The 2nd annual Boston Motorcycle Marathon Ride rolls out on Sunday and this year organizer Fred Georgoulis expects to nearly double the participation and the donations.

Initially started as a way to honor his wife, Denise, who was diagnosed with breast cancer nine years ago, and survived, Georgoulis jumped into fund-raising efforts annually thereafter and tried to out-do himself every time out. A motorcycle ride looked to be his biggest venture yet when in April 2013, the unfortunate circumstances surrounding the terrorist attacks in Boston added an unforeseen layer to the inaugural ride just four months away.

"Last year we rallied around the Boston Motorcycle Marathon Ride and sent a message. We love our country and we will not let anyone take it from us," Georgoulis said. "For those of us that rode in last year's BMMR, we will never forget that emotional feeling we all felt as we crossed over the finish line on Boylston Street."

Nearly 1,000 kickstands went up for that first ride as the Boston Motorcycle Marathon Ride raised nearly $21,000 for The Jimmy Fund, the fund-raising arm for the Dana Farber Cancer Institute in Massachusetts. A check was presented to Jimmy Fund officials at Fenway Park.

Georgoulis managed to incorporate the 26.2 miles of the actual Boston Marathon into the 65-mile ride as a way to honor those lost in the bombing attack. Additionally, he reached out to police departments and other law enforcement agencies and included a wreath laying ceremony at the Massachusetts Institute of Technology to honor slain Officer Sean Collier of the MIT police department who was killed by one of the terrorists while he sat in his patrol car.

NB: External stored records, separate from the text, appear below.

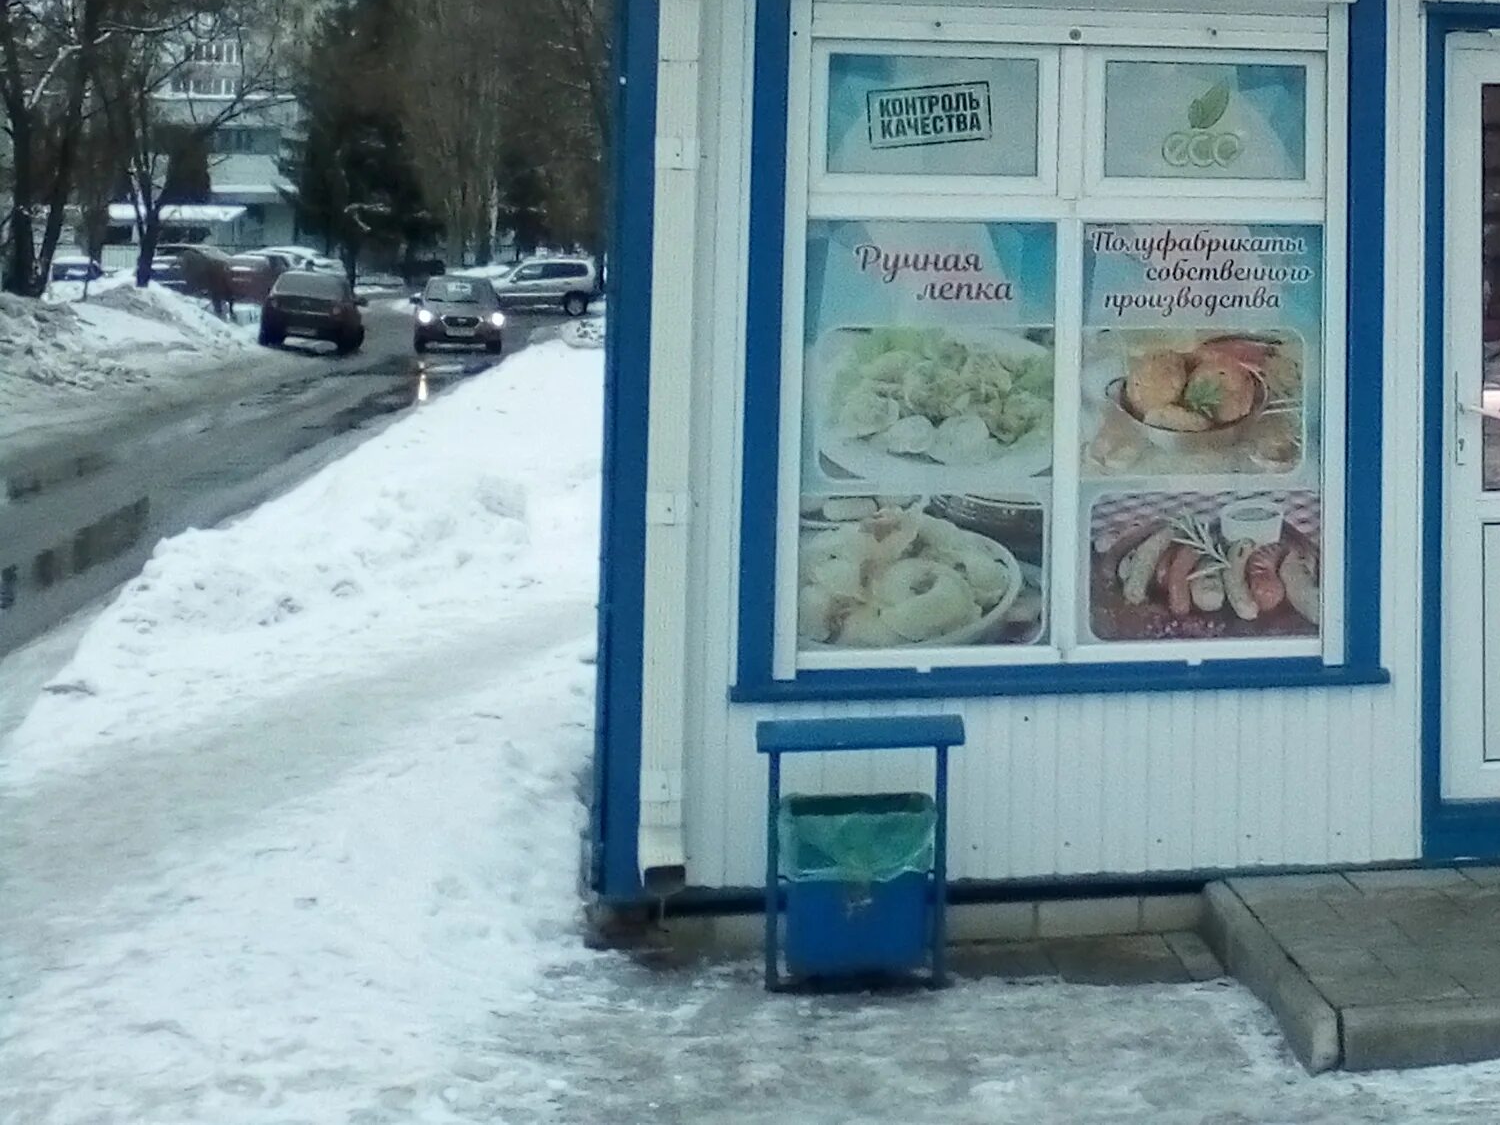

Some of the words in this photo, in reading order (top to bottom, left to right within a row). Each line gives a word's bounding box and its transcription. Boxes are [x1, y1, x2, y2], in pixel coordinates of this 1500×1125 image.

[880, 91, 981, 118] КОНТРОЛЬ
[880, 112, 982, 140] КАЧЕСТВА
[1091, 229, 1306, 260] Полуфабрикаты
[855, 244, 984, 283] Ручная
[1145, 258, 1312, 282] собственного
[915, 281, 1014, 301] лепка
[1104, 285, 1281, 317] производства

"What made me incorporate Sean Collier into the ride was having a son the same age as Sean who is also a police officer in Manchester N.H. It really touched home with me," Georgoulis said. "I read the obituary for Sean, it was very specific in lieu of flowers, 'Please make a donation to the Jimmy Fund in Sean's name' as it was his favorite charity, so I immediately thought how wonderful it would be to honor this hero who had made the ultimate sacrifice, it really tugged at my heartstrings."

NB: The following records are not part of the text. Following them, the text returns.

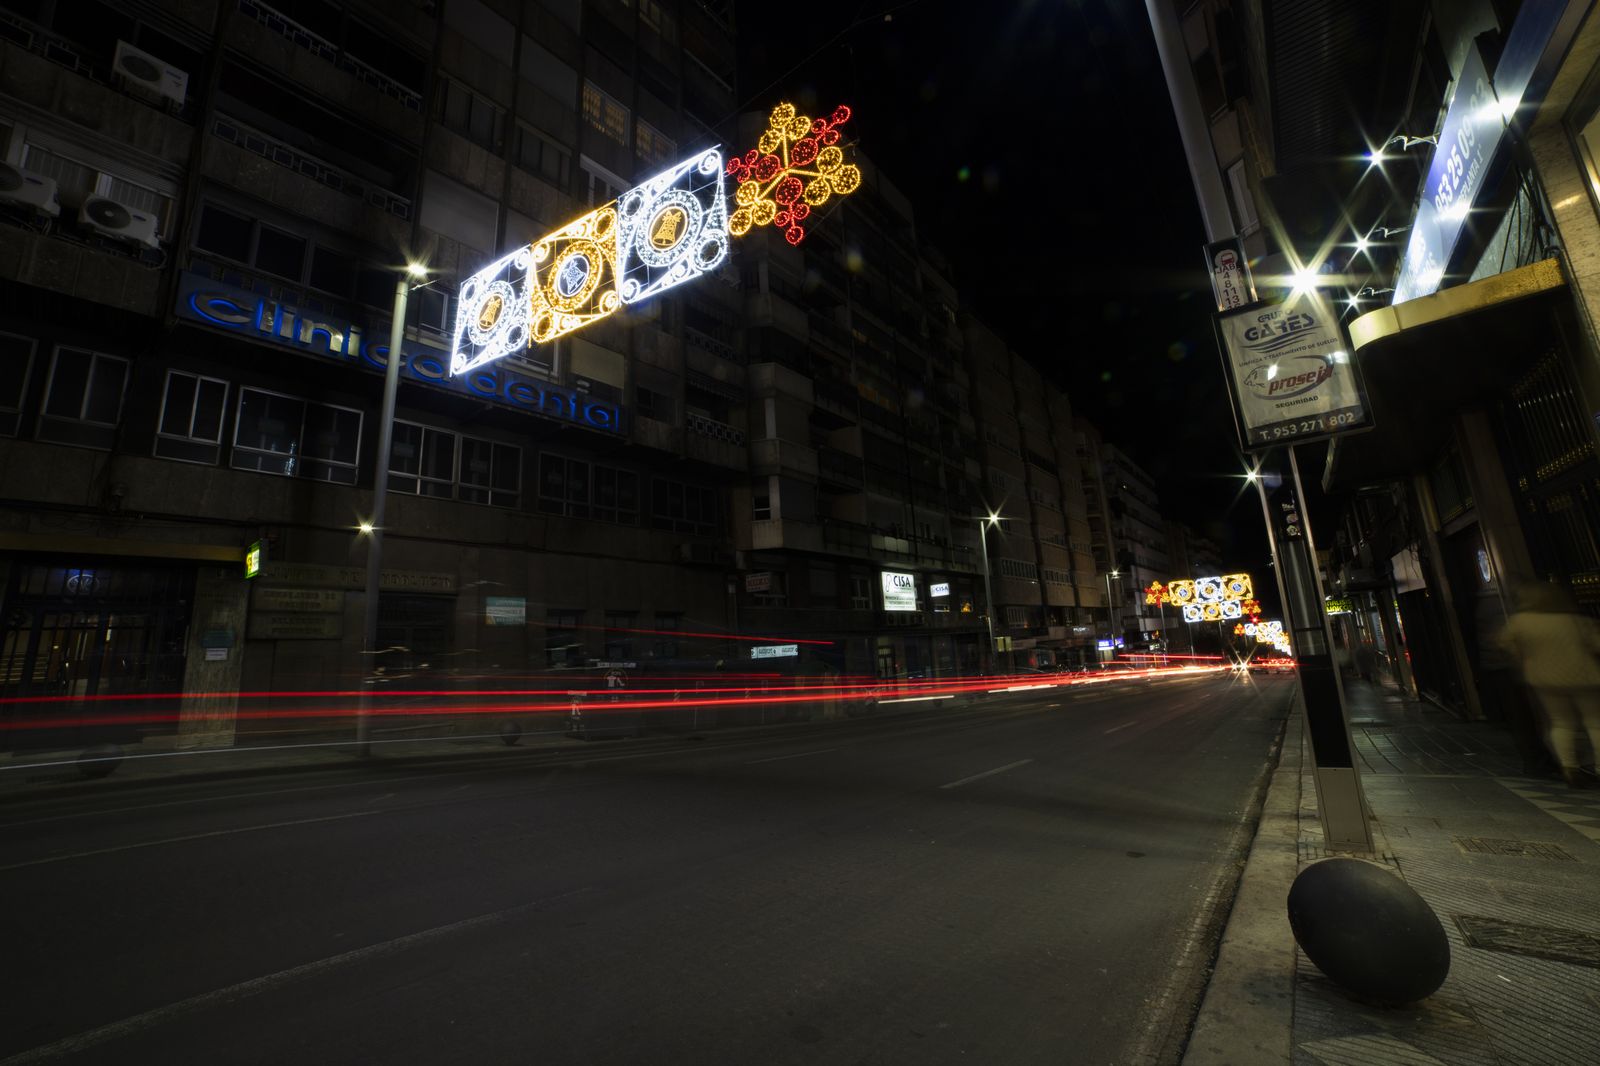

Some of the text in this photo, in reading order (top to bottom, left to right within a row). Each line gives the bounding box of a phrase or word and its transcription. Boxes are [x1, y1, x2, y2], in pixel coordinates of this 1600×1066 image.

[1447, 143, 1463, 191] 25
[1224, 280, 1232, 289] 8
[1223, 287, 1237, 297] 11
[1225, 295, 1240, 305] 13
[1307, 342, 1316, 350] DE
[465, 367, 621, 433] dental
[1275, 395, 1319, 408] SEGURIDAD
[1273, 424, 1298, 438] 953
[1301, 419, 1324, 432] 271
[1329, 412, 1355, 426] 802
[893, 575, 911, 588] CISA
[935, 585, 949, 593] CISA

Georgoulis went to MIT unannounced and tracked down one of Collier's superiors and shared the ride information and his idea to incorporate remembering Collier in a ceremony after the ride. After discussions with the Collier family the idea was unanimously embraced.

"That is when I learned what a wonderful bond there is with police officers," Georgoulis said. "Sean's family was extremely moved by the event and his sister joined us riding and many other family members attended the after-event just as they intend to do this year."

The 2014 route is a bit shorter and ends in Cambridge with an after-party rather than MIT. The ride still incorporates the 26.2 mile marathon route and the wreath laying ceremony honoring Collier.

"The ceremony will be at the beginning in Hopkington instead of at the end with full color guard and bagpipes," Georgoulis said. "This will be a very beautiful and emotional send-off."

Organizing the second annual ride did not come without some hiccups. The ride is a full time job for Georgoulis who has two helpers. About two months ago, he was asked to change the name so the Boston Marathon Motorcycle Ride from last year is now the Boston Motorcycle Marathon Ride which is important to note as the website, which includes registration details, has changed. However, Georgoulis is happy to say, the BMMR acronym still works.

"We truly had so many curveballs that it took divine intervention to make it happen this year," he said noting that many rides of this magnitude tend to have at least 20 staff or volunteers to make it happen.

Georgoulis expects 2,000 riders this year and hopes to raise $35,000 for The Jimmy Fund. Be sure to visit the updated Boston Motorcycle Marathon Ride website and the $35 registration is via the donation link. Kickstands are up at 11:30 a.m. (EST) Sunday at 5 Parkwood Dr. in Hopinkton, MA.

"Last year, riders no matter how big and burly, no matter how small and dainty, cried as they crossed over the finish line with thousands of people cheering them on from both sides of the street," Georgoulis said. "It's an emotion unlike anything you'll ever experience."